§ Provided material:
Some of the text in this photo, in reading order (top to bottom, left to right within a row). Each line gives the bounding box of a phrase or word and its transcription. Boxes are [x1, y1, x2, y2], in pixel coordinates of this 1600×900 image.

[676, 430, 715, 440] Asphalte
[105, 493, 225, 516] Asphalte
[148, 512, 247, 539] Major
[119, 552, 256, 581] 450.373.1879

§ Aim of the task: All of the entries are to be transcribed exactly.

§ Written answer:
Some of the text in this photo, in reading order (top to bottom, left to right within a row). Each line gives the bounding box of a phrase or word and its transcription. Boxes are [x1, y1, x2, y2], in pixel coordinates of this 1600×900 image.

[676, 430, 715, 440] Asphalte
[105, 493, 225, 516] Asphalte
[148, 512, 247, 539] Major
[119, 552, 256, 581] 450.373.1879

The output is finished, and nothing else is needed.